Action item — Lines of the material that include the string "JEUNES" should be returned.

----

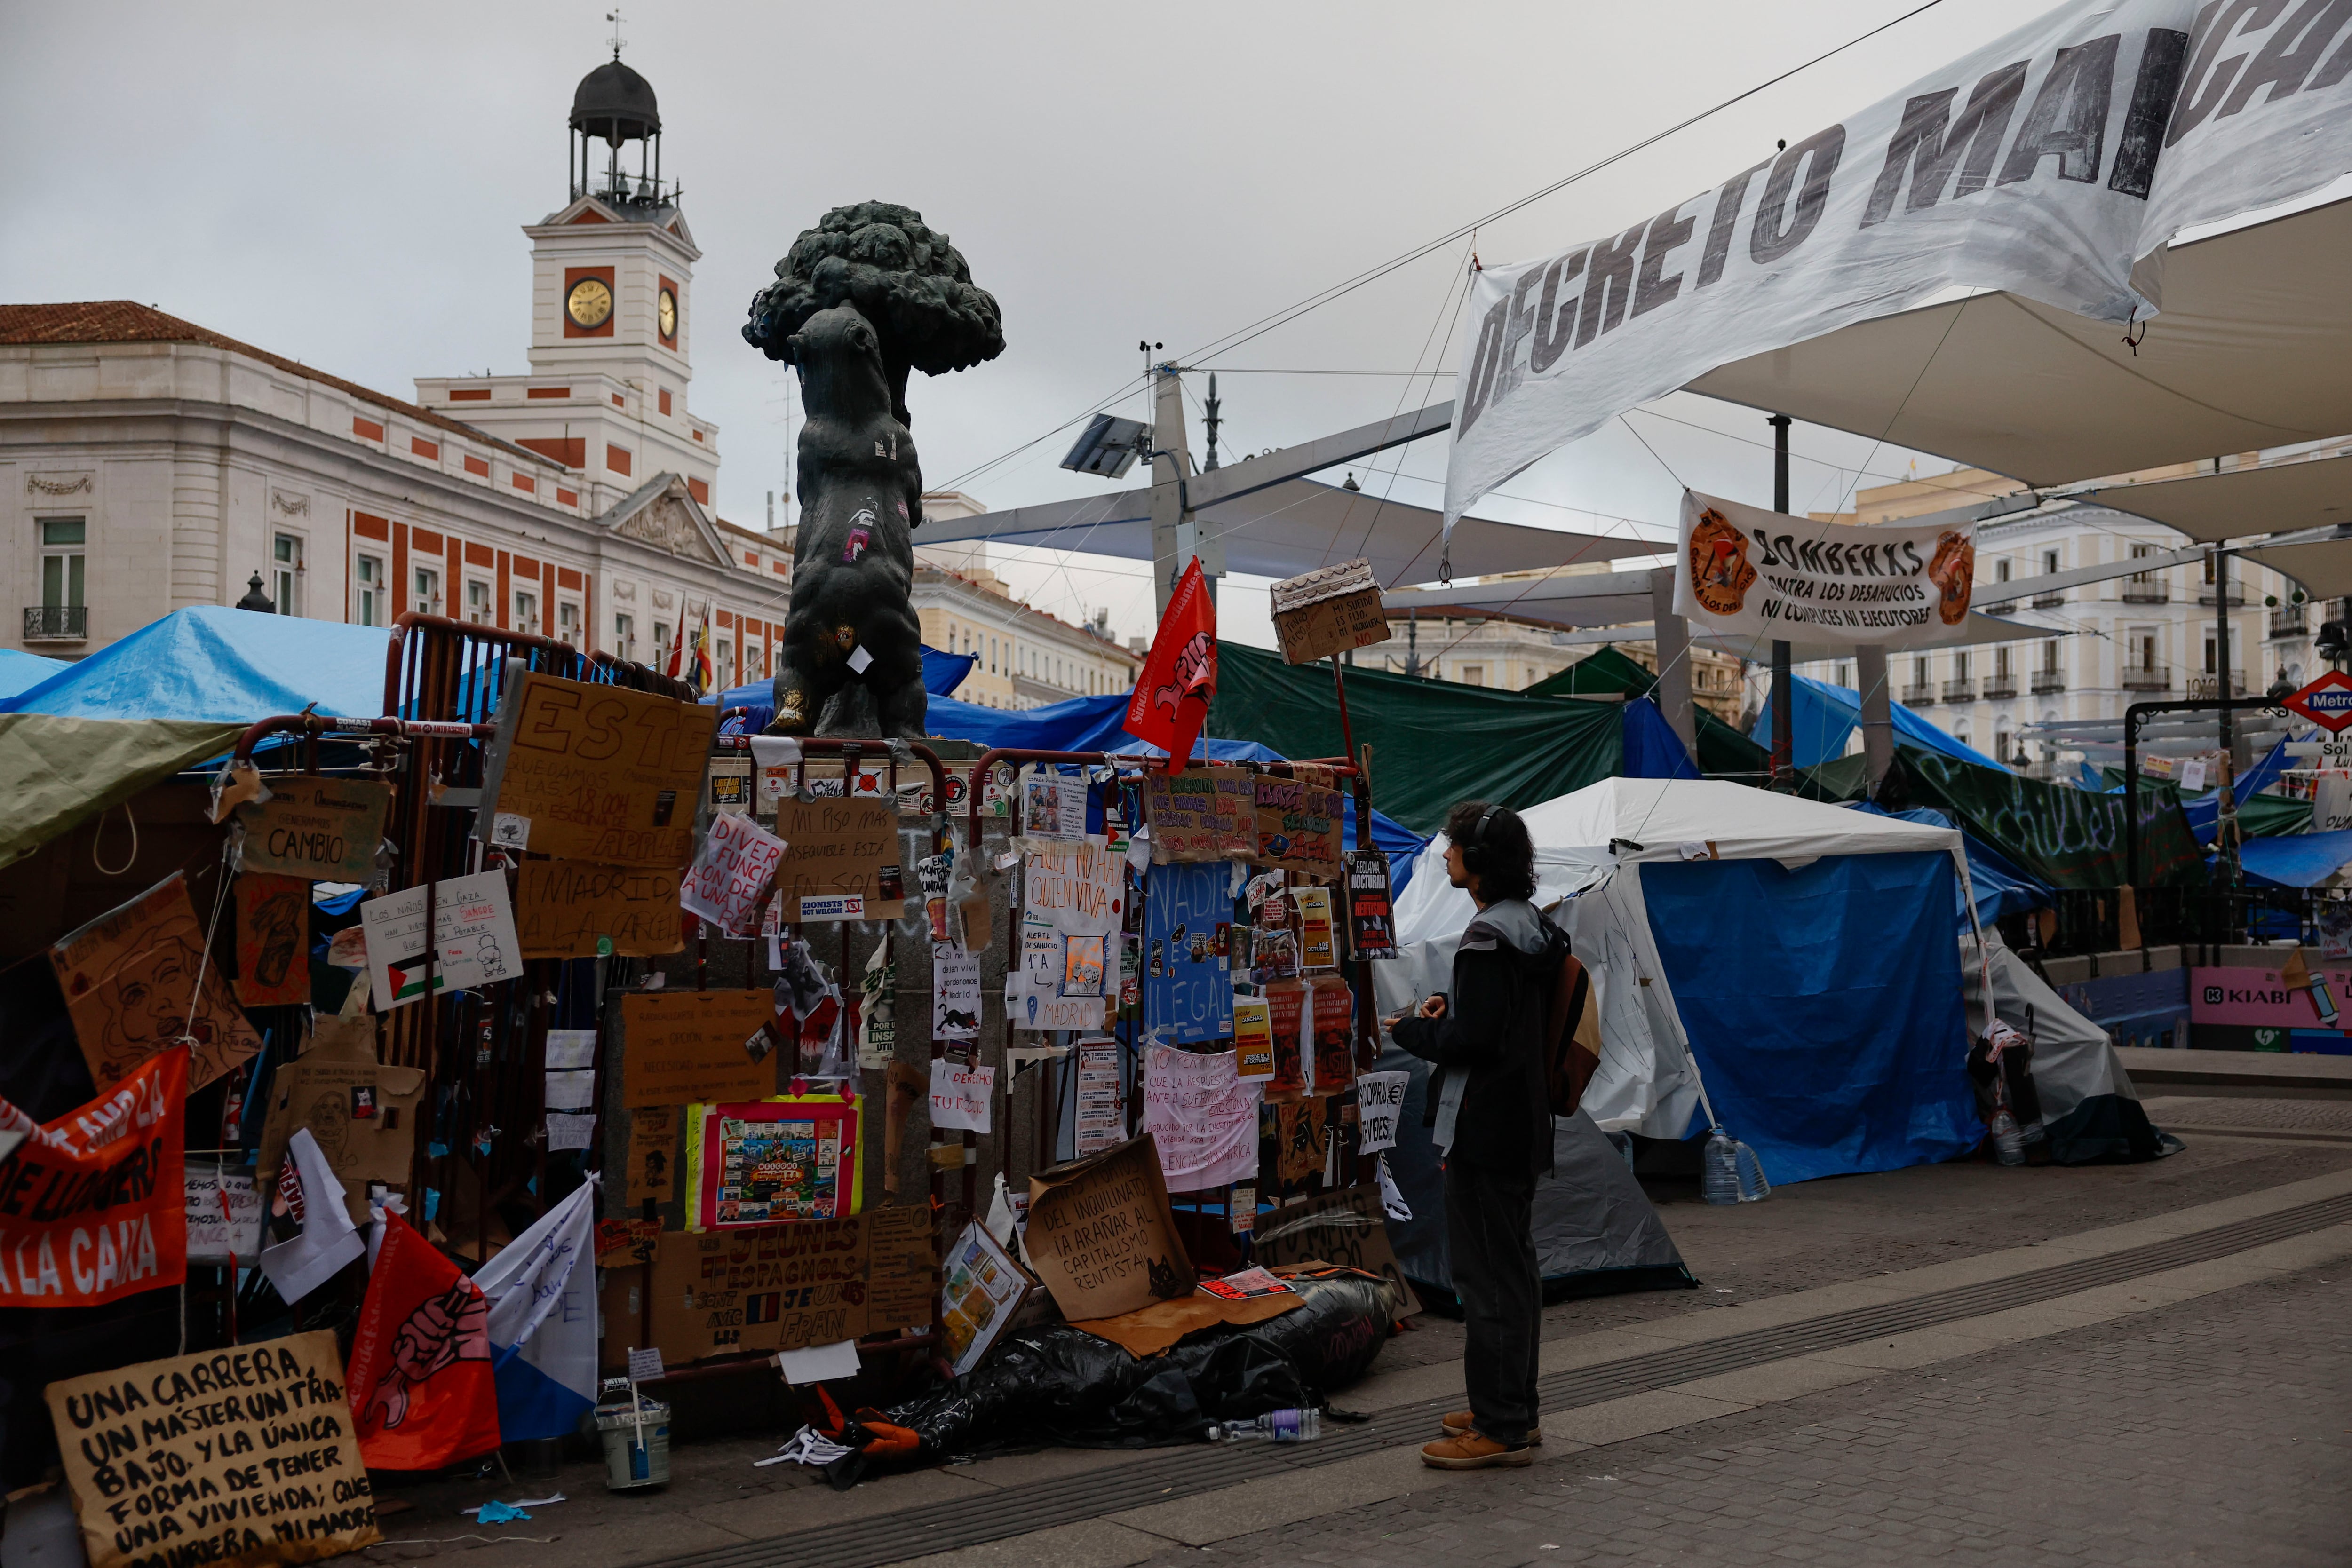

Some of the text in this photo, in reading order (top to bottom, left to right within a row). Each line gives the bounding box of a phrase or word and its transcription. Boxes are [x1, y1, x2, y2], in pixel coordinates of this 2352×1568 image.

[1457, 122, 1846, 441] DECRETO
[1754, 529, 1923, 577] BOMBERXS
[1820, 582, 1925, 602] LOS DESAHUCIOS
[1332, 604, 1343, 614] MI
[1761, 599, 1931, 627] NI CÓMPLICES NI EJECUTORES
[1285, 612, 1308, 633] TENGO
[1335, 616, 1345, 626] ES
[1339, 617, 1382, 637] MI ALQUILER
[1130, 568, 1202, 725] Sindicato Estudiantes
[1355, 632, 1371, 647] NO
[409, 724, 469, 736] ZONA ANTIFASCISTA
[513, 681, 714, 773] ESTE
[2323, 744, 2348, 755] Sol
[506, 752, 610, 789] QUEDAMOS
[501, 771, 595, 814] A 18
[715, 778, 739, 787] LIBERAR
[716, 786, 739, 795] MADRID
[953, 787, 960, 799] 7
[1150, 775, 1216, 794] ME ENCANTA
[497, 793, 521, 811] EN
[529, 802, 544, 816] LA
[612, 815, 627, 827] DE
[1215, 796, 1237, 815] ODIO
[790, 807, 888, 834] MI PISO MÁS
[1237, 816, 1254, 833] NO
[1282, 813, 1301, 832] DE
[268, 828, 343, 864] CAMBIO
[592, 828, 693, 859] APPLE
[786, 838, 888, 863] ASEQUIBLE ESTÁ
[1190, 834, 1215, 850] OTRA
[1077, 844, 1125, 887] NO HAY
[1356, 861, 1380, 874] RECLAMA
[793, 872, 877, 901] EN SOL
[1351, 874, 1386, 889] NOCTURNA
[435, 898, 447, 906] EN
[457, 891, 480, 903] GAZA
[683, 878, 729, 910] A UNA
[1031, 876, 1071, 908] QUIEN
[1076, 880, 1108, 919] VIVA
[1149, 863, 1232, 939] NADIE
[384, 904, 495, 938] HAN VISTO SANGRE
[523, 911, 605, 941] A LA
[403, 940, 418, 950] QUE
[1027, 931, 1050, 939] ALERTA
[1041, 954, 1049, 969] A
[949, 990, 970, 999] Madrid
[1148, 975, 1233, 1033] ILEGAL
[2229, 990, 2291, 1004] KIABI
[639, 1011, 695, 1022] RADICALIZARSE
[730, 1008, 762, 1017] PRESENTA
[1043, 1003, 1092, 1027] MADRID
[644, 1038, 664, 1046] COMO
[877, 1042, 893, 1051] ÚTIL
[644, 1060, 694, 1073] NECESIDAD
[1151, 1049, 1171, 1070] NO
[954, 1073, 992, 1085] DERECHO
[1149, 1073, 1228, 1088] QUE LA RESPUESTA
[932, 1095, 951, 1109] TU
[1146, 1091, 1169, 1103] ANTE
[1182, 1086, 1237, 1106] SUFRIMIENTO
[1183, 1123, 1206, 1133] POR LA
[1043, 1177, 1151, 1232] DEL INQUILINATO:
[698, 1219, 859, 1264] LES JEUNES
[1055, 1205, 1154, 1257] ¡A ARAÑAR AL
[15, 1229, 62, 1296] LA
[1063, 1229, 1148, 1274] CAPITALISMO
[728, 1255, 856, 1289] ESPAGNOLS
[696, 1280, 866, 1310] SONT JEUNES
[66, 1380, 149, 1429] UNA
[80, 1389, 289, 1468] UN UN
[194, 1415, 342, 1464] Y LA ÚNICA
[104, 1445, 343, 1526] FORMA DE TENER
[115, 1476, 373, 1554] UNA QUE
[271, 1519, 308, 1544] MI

----

Result of this exercise —
[698, 1219, 859, 1264] LES JEUNES
[696, 1280, 866, 1310] SONT JEUNES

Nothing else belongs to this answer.